WHAT YOU ARE ASKED TO DO
Starting at the top line, print the entries below exactly as they are and skip every picture.

TASK INPUTS
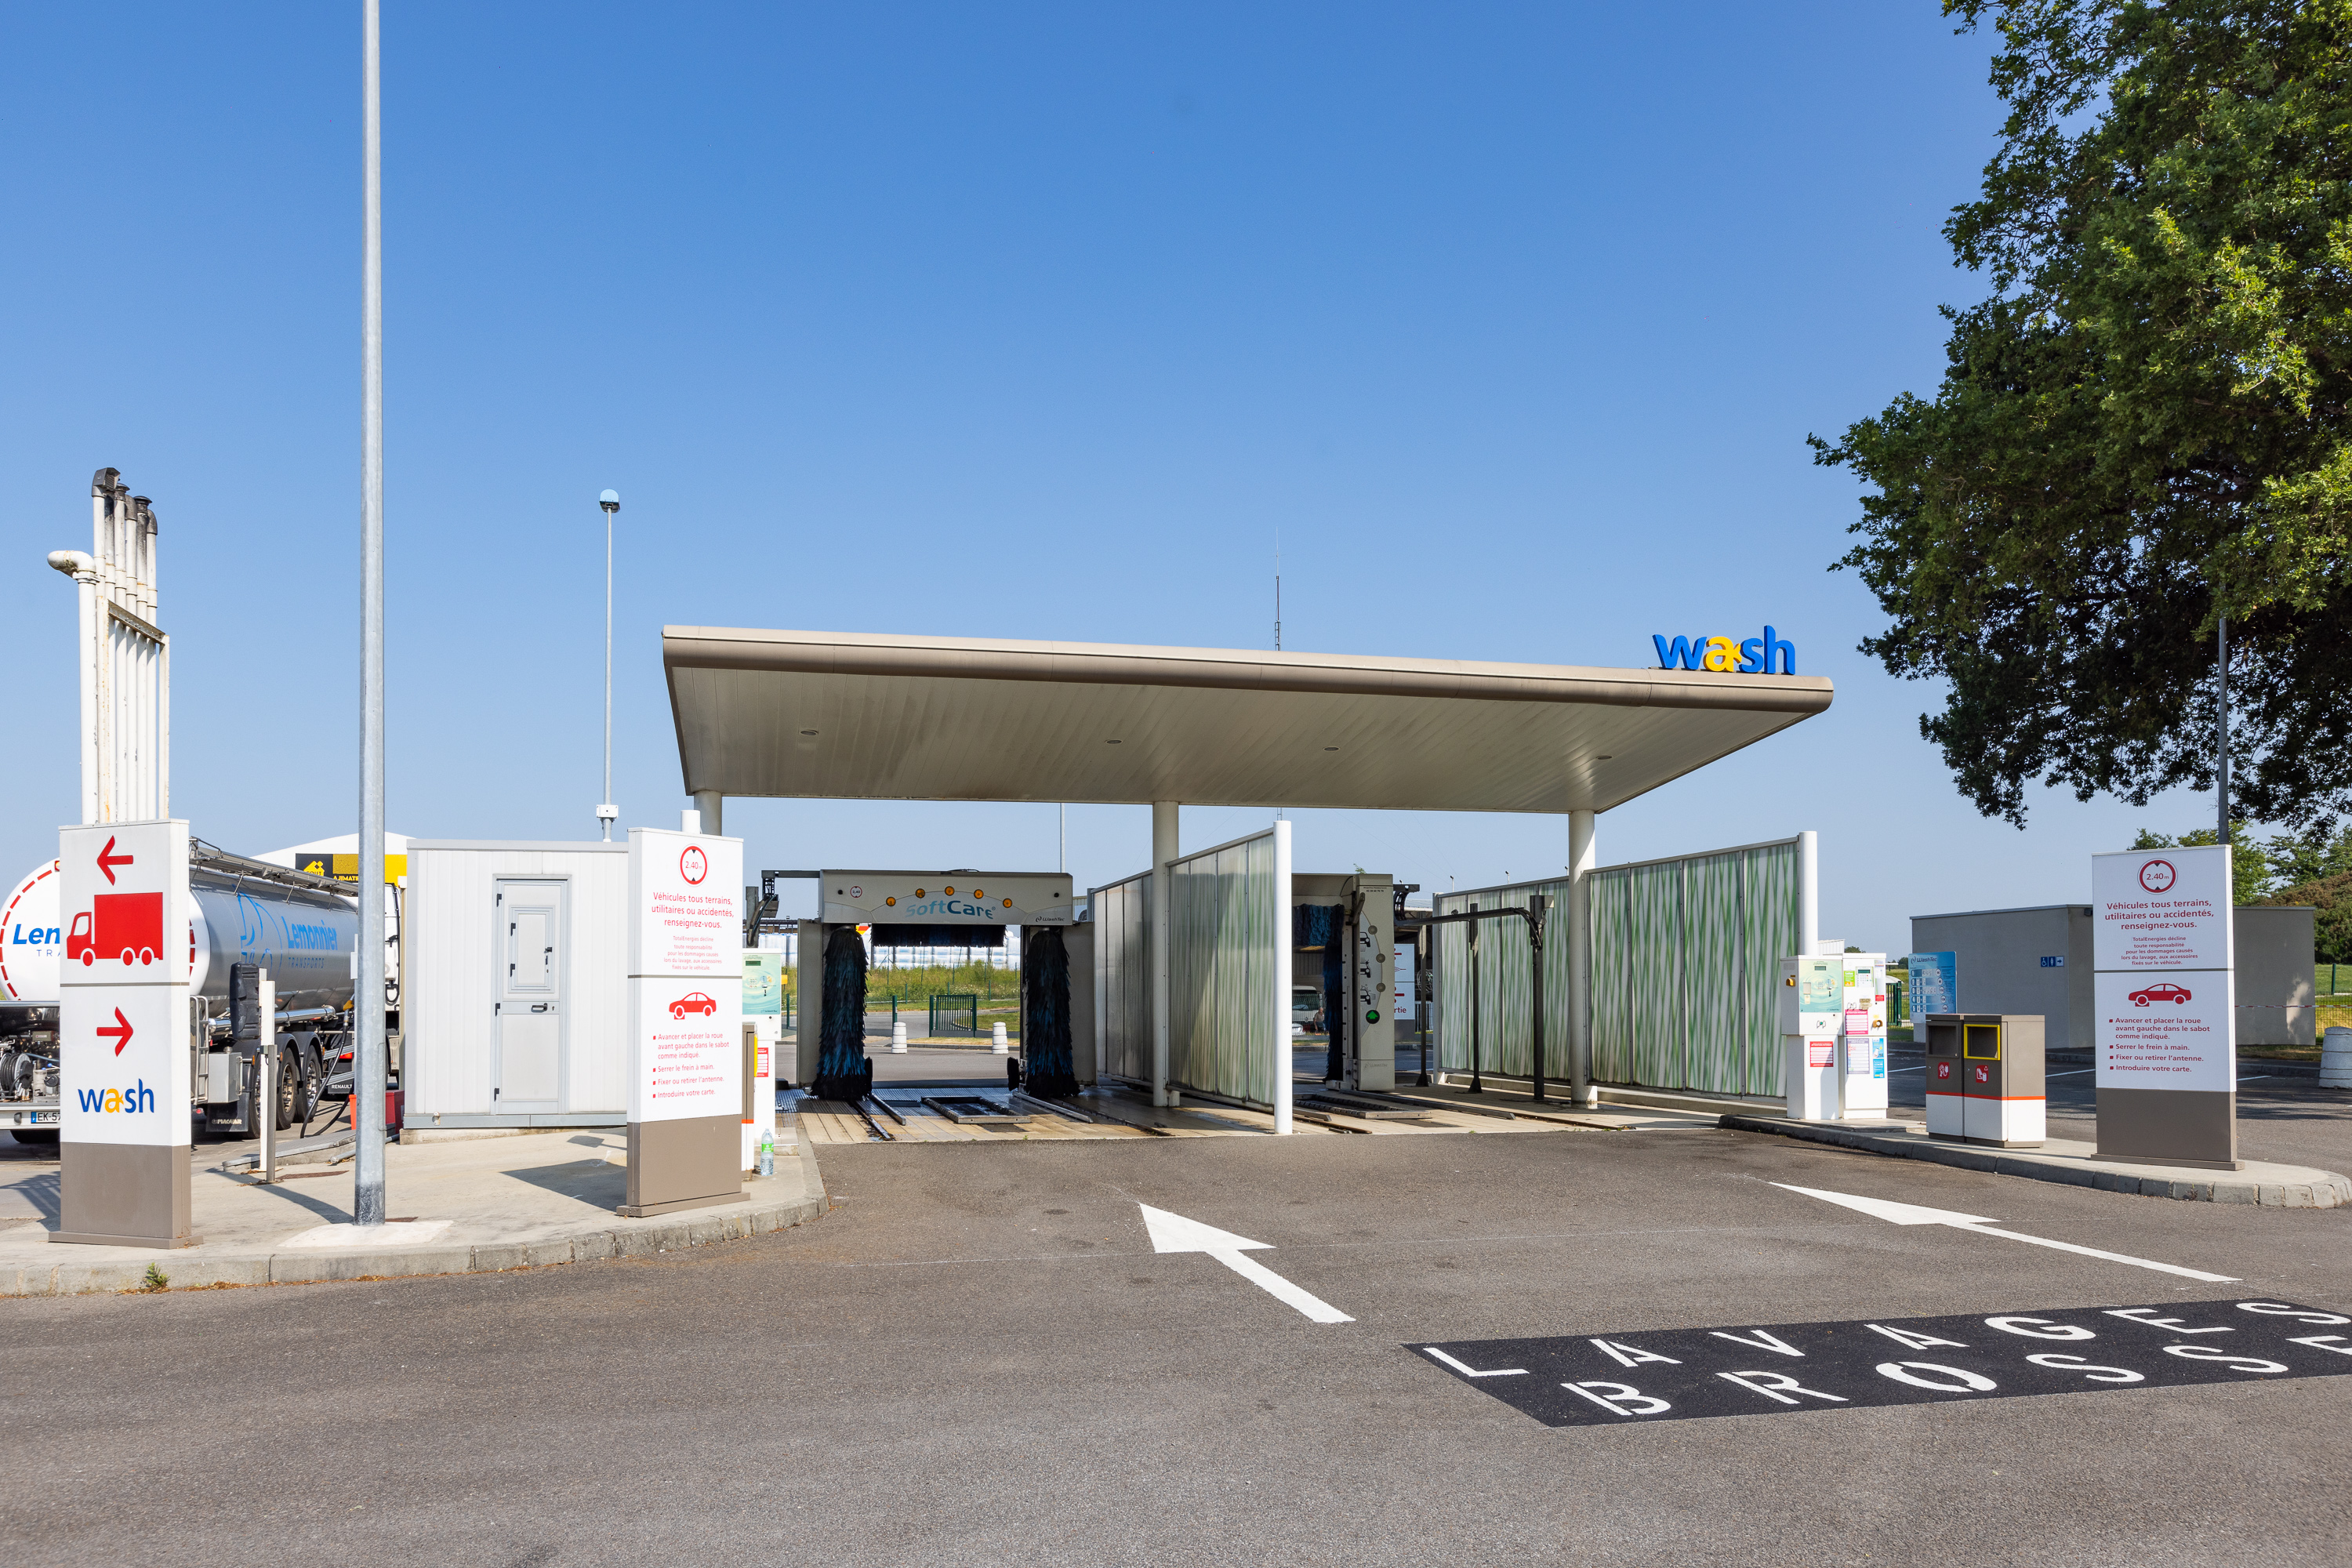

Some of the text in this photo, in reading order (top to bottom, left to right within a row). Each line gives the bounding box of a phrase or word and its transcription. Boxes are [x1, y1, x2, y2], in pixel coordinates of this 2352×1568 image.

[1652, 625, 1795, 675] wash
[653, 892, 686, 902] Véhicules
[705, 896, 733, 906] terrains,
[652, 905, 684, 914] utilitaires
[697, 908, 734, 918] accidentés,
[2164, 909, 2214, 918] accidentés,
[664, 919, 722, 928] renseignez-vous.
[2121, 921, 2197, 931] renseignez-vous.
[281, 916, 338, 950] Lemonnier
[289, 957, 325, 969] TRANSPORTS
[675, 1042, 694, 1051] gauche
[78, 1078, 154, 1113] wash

RESULT BELOW
Some of the text in this photo, in reading order (top to bottom, left to right within a row). Each line gives the bounding box of a phrase or word and its transcription. Boxes are [x1, y1, x2, y2], in pixel coordinates of this 2352×1568 image.

[1652, 625, 1795, 675] wash
[653, 892, 686, 902] Véhicules
[705, 896, 733, 906] terrains,
[652, 905, 684, 914] utilitaires
[697, 908, 734, 918] accidentés,
[2164, 909, 2214, 918] accidentés,
[664, 919, 722, 928] renseignez-vous.
[2121, 921, 2197, 931] renseignez-vous.
[281, 916, 338, 950] Lemonnier
[289, 957, 325, 969] TRANSPORTS
[675, 1042, 694, 1051] gauche
[78, 1078, 154, 1113] wash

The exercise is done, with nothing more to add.